But today's milky drinks (roughly one-third filling a 350ml Motta with milk and erm warming it up more than getting air in!) have been delicious. Using Atkinsons of Lancaster Archetype blend (very very chocolatey as espresso) and today is the first time drinking consistently milky drinks, previously stuck to espresso.

Did I mention the drinks are tasty?


----------



## coffeechap (Apr 5, 2012)

Great job man, you will just get to love the simplicity and consistency of the L1


----------



## Mrboots2u (May 10, 2013)

Glad your enjoying it , and extraction doesn't have to be 1.6 , if I'd tastes better shorter or longer that's fine too,

there are no rules







just guidelines


----------



## The Systemic Kid (Nov 23, 2012)

oop north said:


> Did I mention the drinks are tasty?


Yes. Twice. Good to hear you're getting on with the LI.


----------



## iroko (Nov 9, 2012)

Good to hear your taming the beast.


----------



## urbanbumpkin (Jan 30, 2013)

You do realise you've named your club LLL....an abbreviation of he who must not be named.

Just thought I'd point it out....which one of you is really A***orn?


----------



## oop north (Jun 23, 2013)

Urbanbumpkin - you've lost me there! Voldemort?!


----------



## urbanbumpkin (Jan 30, 2013)

oop north said:


> Urbanbumpkin - you've lost me there! Voldemort?!


Far worse than Voldermort......it was a forum member who was obsessed with Lavazza!


----------



## oop north (Jun 23, 2013)

Ah, before my time then!


----------



## urbanbumpkin (Jan 30, 2013)

Just an example

http://coffeeforums.co.uk/showthread.php?t=12633


----------



## urbanbumpkin (Jan 30, 2013)

Duplicate ........


----------



## urbanbumpkin (Jan 30, 2013)

Duplicate ........oops


----------



## urbanbumpkin (Jan 30, 2013)

Duplicate ........


----------



## The Systemic Kid (Nov 23, 2012)

Talking of which, passed this on the way through airport this morning

View attachment 6196


----------



## Charliej (Feb 25, 2012)

Did they have any jam jars or microwaves Patrick?


----------



## coffeechap (Apr 5, 2012)

urbanbumpkin said:


> Duplicate ........


Someone was told off and asked to remove the link!


----------



## Daren (Jan 16, 2012)

The Systemic Kid said:


> Talking of which, passed this on the way through airport this morning
> 
> View attachment 6196


Boooo - and your a moderator..... you should know better!

I'm off to be sick.


----------



## urbanbumpkin (Jan 30, 2013)

coffeechap said:


> Someone was told off and asked to remove the link!

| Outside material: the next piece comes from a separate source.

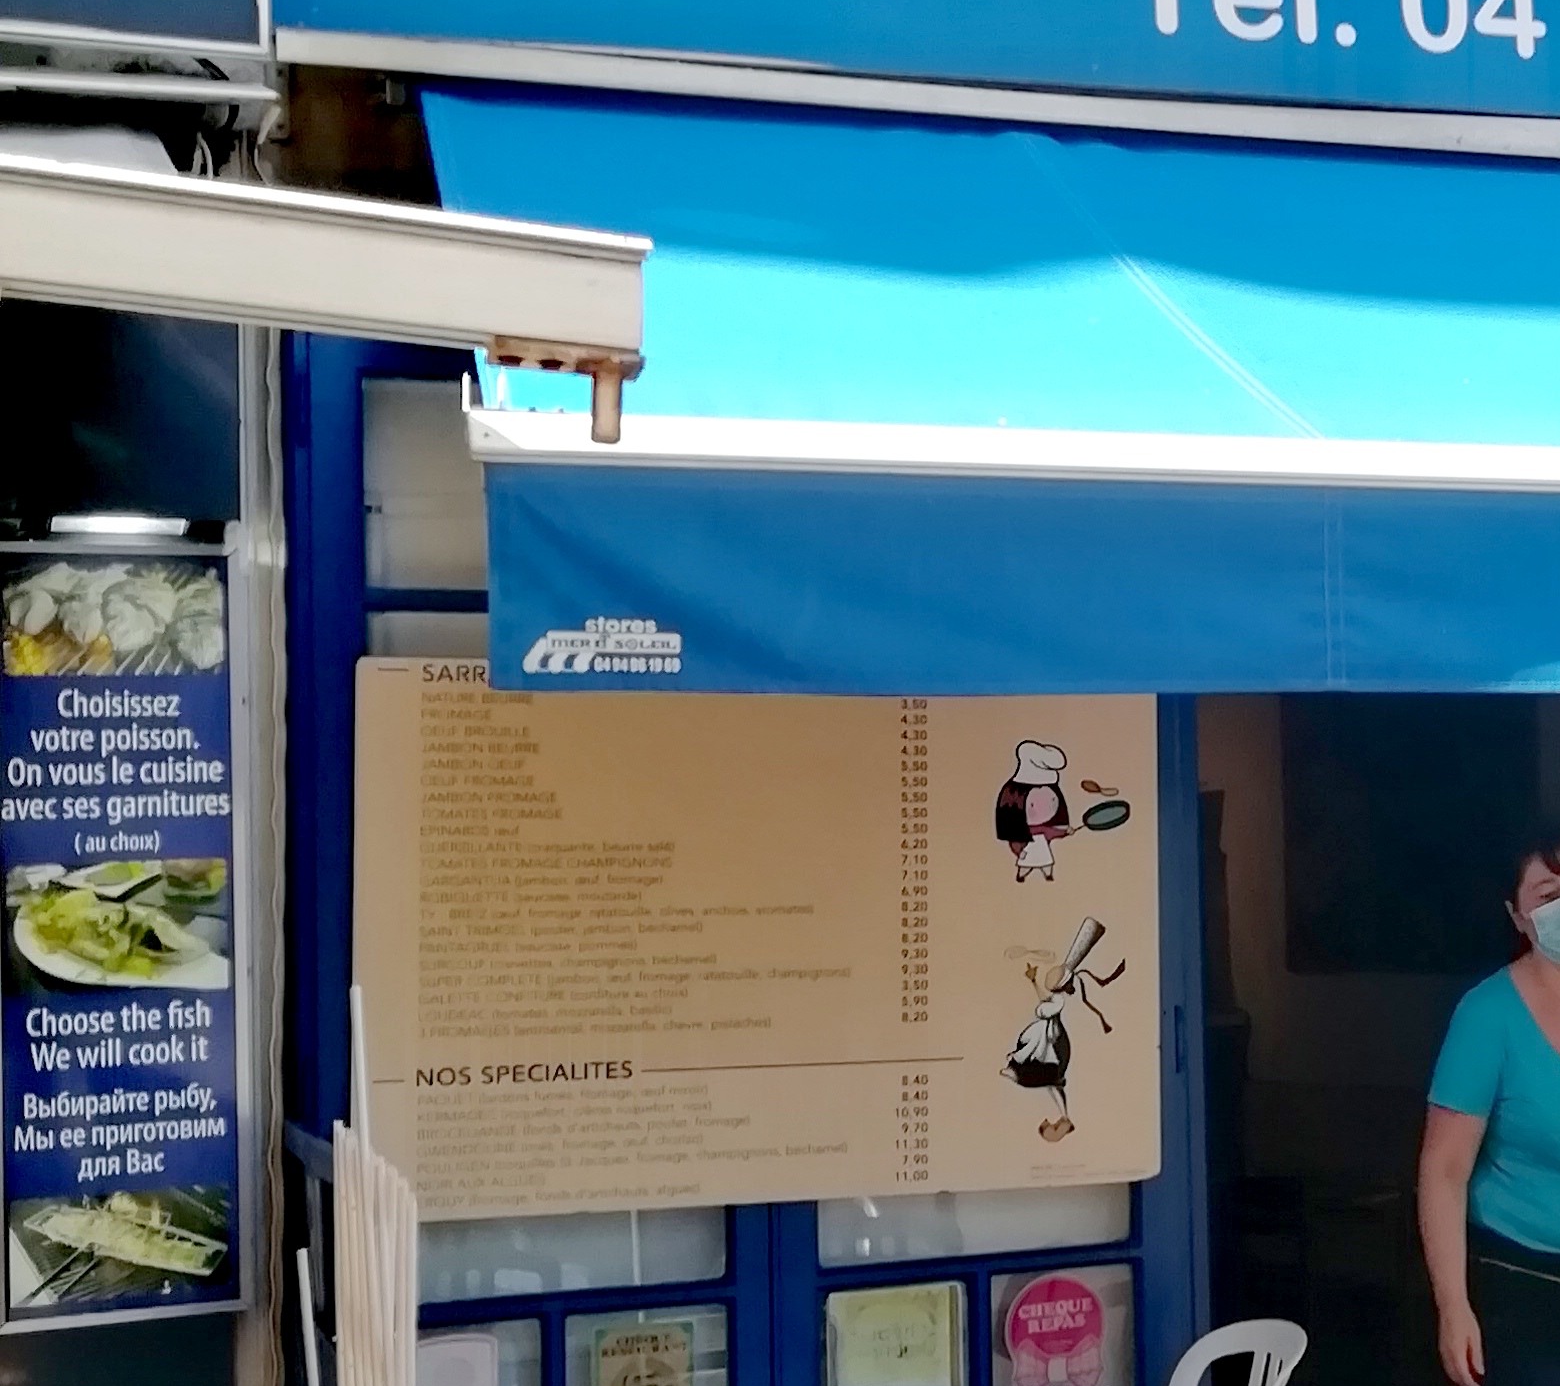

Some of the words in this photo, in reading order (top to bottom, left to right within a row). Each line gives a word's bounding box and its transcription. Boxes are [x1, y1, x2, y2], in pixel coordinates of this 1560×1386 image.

Ha ha ha .....it was my failed attempts a posting a link that suddenly appeared multiple times.


----------



## urbanbumpkin (Jan 30, 2013)

The Systemic Kid said:


> Talking of which, passed this on the way through airport this morning
> 
> View attachment 6196


Are you sure this wasn't taken in the 1970s. What parallel world have you been travelling in Patrick? Lavazza LAND?


----------



## oop north (Jun 23, 2013)

Moved it across the kitchen to its new home this morning - and then discovered it won't fit as the worktop isn't as deep there as elsewhere (not noticed that in the 6.5 years of living here!). Aaaargh! Now back where it was, the opposite side of the room from the grinder - not sure if I can get them next to each other without changing plans altogether. It is a pain having the grinder 14 feet away from the LI... but available locations a bit restricted by cupboards, socket availability etc

Otherwise, still going quite well except i am seriously rubbish at doing anything with milk other than just heating it up! Still, all tastes yummy though so that is all that matters.

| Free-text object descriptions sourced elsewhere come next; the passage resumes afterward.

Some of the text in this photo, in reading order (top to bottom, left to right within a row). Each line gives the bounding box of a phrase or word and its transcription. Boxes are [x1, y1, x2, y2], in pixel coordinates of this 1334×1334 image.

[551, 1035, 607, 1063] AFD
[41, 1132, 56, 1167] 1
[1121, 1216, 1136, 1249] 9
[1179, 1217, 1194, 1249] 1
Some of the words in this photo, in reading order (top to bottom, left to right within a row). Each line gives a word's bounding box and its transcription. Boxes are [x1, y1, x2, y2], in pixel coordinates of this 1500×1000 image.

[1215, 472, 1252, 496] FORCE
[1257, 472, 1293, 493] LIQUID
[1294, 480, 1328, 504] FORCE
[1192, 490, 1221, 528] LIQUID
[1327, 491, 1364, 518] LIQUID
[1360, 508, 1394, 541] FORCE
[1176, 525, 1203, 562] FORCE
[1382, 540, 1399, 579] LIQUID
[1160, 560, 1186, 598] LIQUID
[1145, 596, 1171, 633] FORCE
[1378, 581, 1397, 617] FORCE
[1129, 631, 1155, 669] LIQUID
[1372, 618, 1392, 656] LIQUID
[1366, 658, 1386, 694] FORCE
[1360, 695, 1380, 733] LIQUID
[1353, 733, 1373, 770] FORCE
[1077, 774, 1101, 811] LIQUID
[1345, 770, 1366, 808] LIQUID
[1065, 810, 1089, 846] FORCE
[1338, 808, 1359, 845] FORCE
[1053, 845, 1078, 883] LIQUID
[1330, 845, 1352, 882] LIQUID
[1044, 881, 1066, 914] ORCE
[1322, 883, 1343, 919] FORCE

I will put up a picture when I have got rid of all the plastic bits (how am I supposed to do that? Got some bits either side of the front panel i am struggling to get hold of and extract) and it has its final resting place


----------



## oop north (Jun 23, 2013)

Final resting place needs new cupboard making (friend a cabinet maker made our kitchen and continues to do stuff for us - long lead time though...)

anyway, really enjoying the drinks, and some recent home roasts have been veeeeery tasty indeed. No regrets at all over the LI - has definitely been living up to my hopes, and impressing friends and rellies too

Am starting to ponder grinder upgrade for a few months time / next year - something to feed the LI with the best! Bank account needs to recover from getting the LI first and I want to be sure I am getting the right thing


----------



## Southpaw (Feb 26, 2012)

The Systemic Kid said:


> Talking of which, passed this on the way through airport this morning
> 
> View attachment 6196


Hope you stopped next door to lavazza land coffee.


----------



## The Systemic Kid (Nov 23, 2012)

Southpaw said:


> Hope you stopped next door to lavazza land coffee.


Too early in the morning for me


----------



## oop north (Jun 23, 2013)

Eek - yesterday, my LI threw a bit of a wobbler: at one point, all three lights were lit at the same time (blue and red don't normally come on at same time) and the pressure gauge was progressing beyond 2 fairly rapidly and all quite noisy. Bit worried it was going to do something irreversible and I turned it off. I took the lid off and found a couple of spots of water in different places inside

When I turned it back on, the steam took ages to come through the steam wand (normally there is a second or two delay but this was a good 7-10 seconds of no steam just spurting hot water).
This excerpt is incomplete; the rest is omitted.